== Goal of the exercise ==
Transcribe all of the records word for word, please, omitting the pictures.

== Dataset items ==
══════════════════════════════
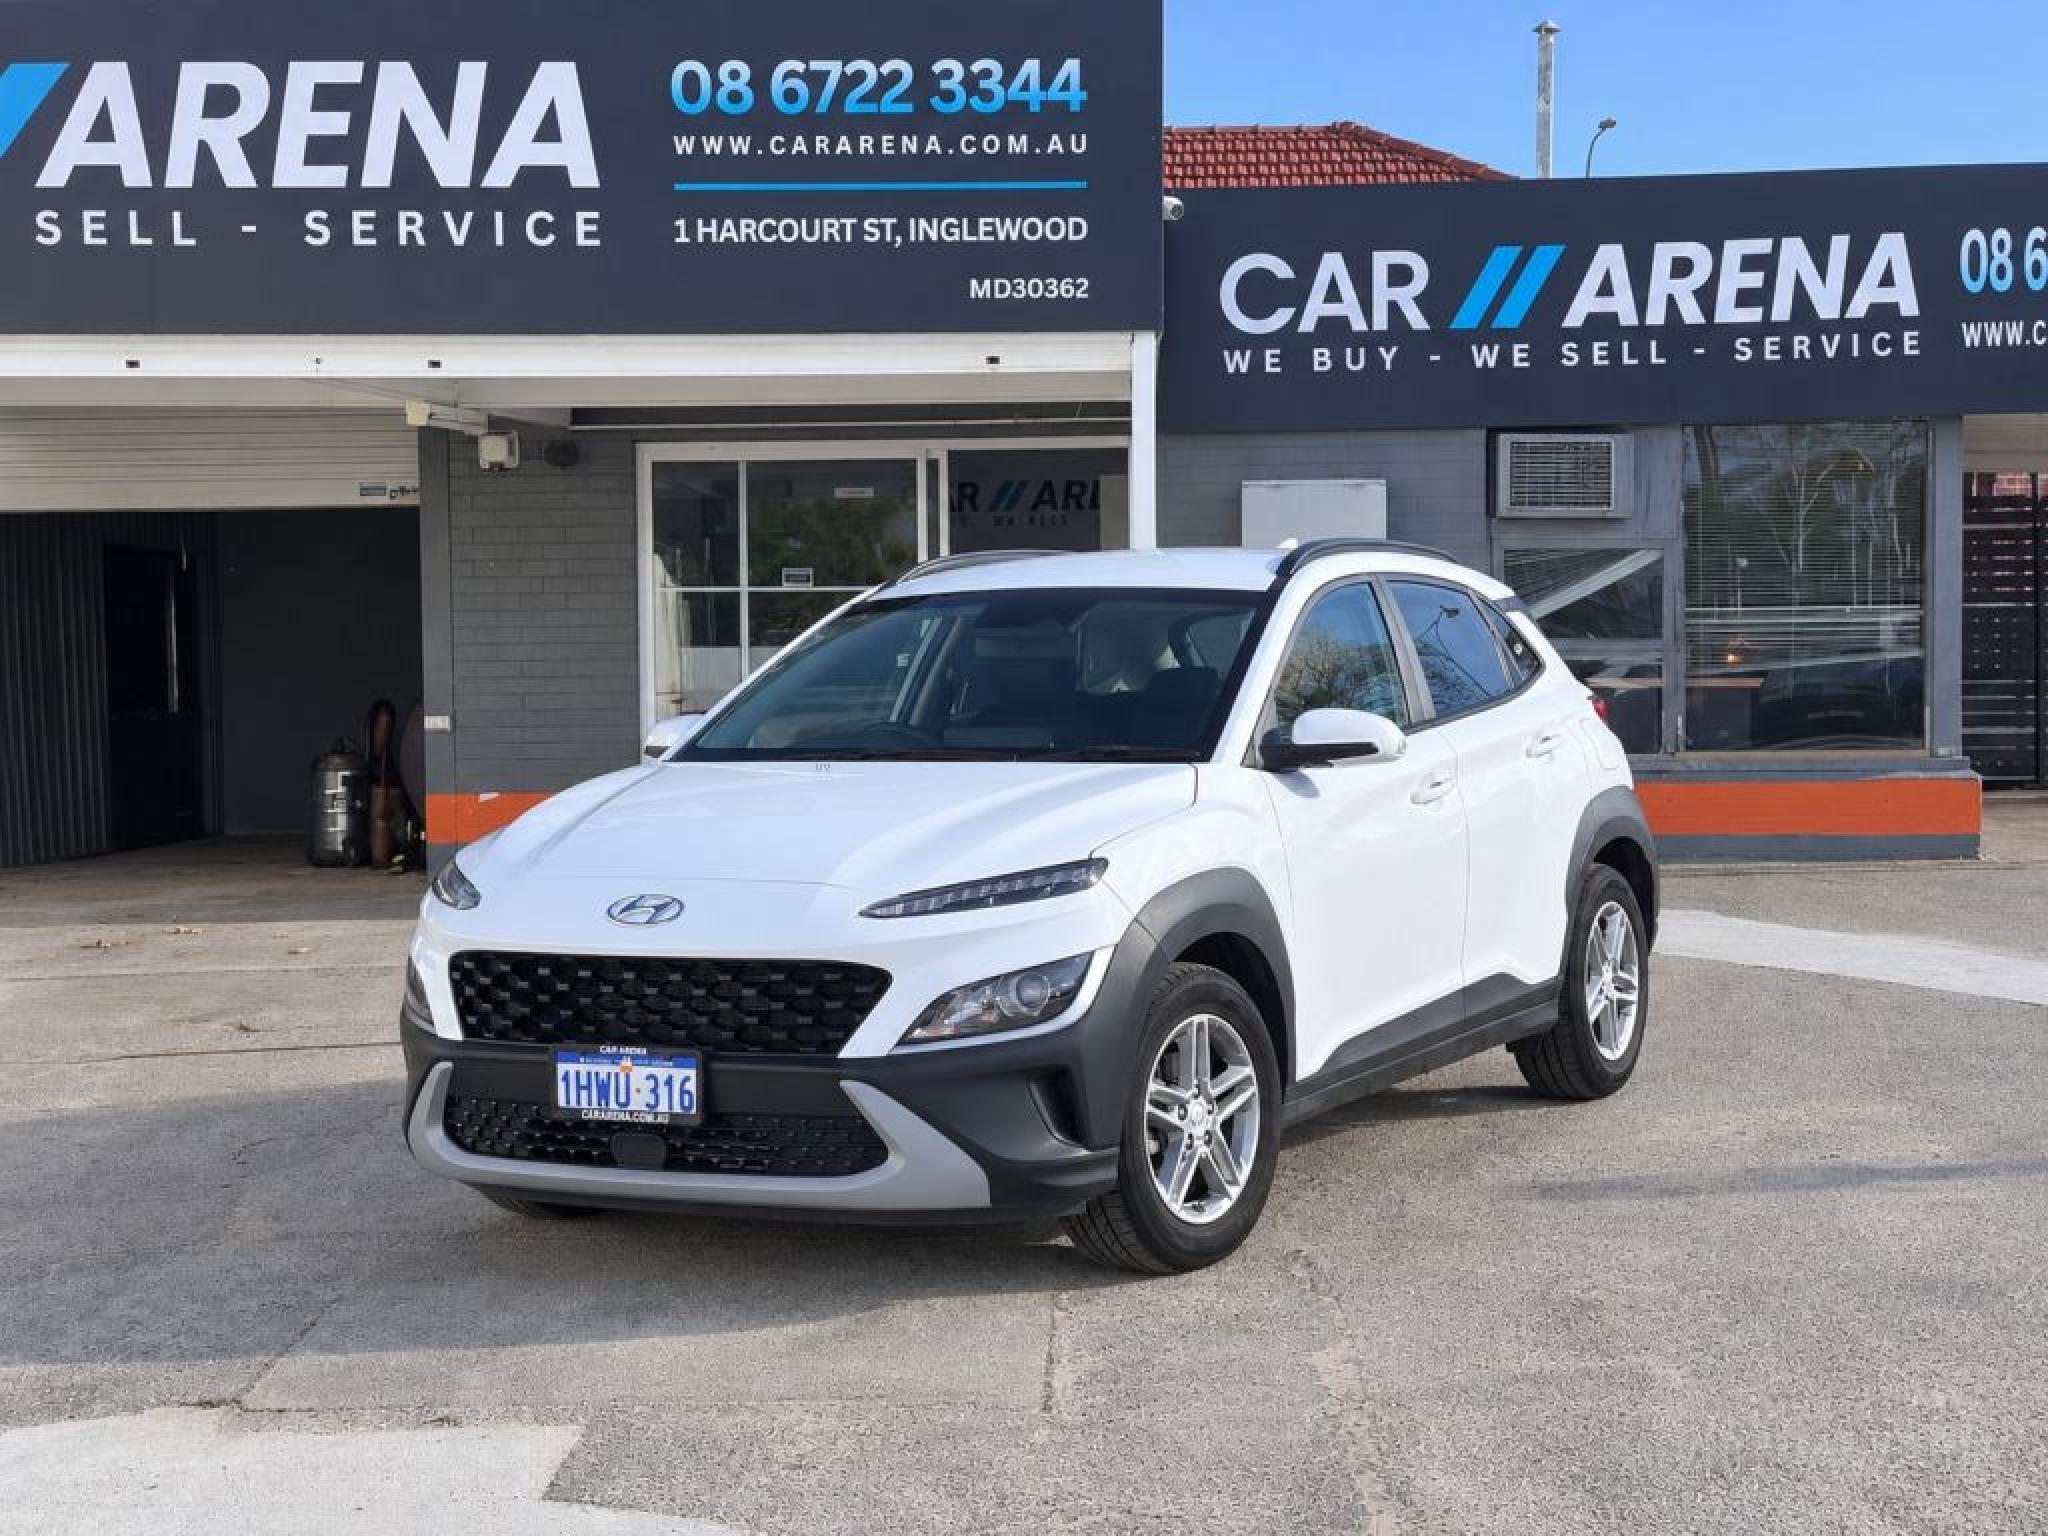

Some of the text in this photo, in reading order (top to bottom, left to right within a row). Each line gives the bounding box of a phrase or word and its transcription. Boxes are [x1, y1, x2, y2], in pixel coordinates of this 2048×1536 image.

[671, 57, 1088, 115] 08 6722 3344
[35, 60, 601, 189] ARENA
[673, 133, 1088, 156] WWW.CARARENA.COM.AU
[35, 209, 197, 247] SELL
[303, 209, 601, 247] SERVICE
[674, 216, 1089, 249] 1 HARCOURT ST, INGLEWOOD
[1960, 227, 2015, 294] 08
[969, 277, 1089, 300] MD30362
[1219, 231, 1921, 335] CAR ARENA
[1223, 349, 1282, 375] WE
[1313, 346, 1399, 373] BUY
[1471, 343, 1531, 369] WE
[1560, 339, 1667, 367] SELL
[1733, 330, 1921, 361] SERVICE
[1961, 319, 2047, 349] WWW.C
══════════════════════════════
== Result of the exercise ==
Some of the text in this photo, in reading order (top to bottom, left to right within a row). Each line gives the bounding box of a phrase or word and its transcription. Boxes are [x1, y1, x2, y2], in pixel coordinates of this 2048×1536 image.

[671, 57, 1088, 115] 08 6722 3344
[35, 60, 601, 189] ARENA
[673, 133, 1088, 156] WWW.CARARENA.COM.AU
[35, 209, 197, 247] SELL
[303, 209, 601, 247] SERVICE
[674, 216, 1089, 249] 1 HARCOURT ST, INGLEWOOD
[1960, 227, 2015, 294] 08
[969, 277, 1089, 300] MD30362
[1219, 231, 1921, 335] CAR ARENA
[1223, 349, 1282, 375] WE
[1313, 346, 1399, 373] BUY
[1471, 343, 1531, 369] WE
[1560, 339, 1667, 367] SELL
[1733, 330, 1921, 361] SERVICE
[1961, 319, 2047, 349] WWW.C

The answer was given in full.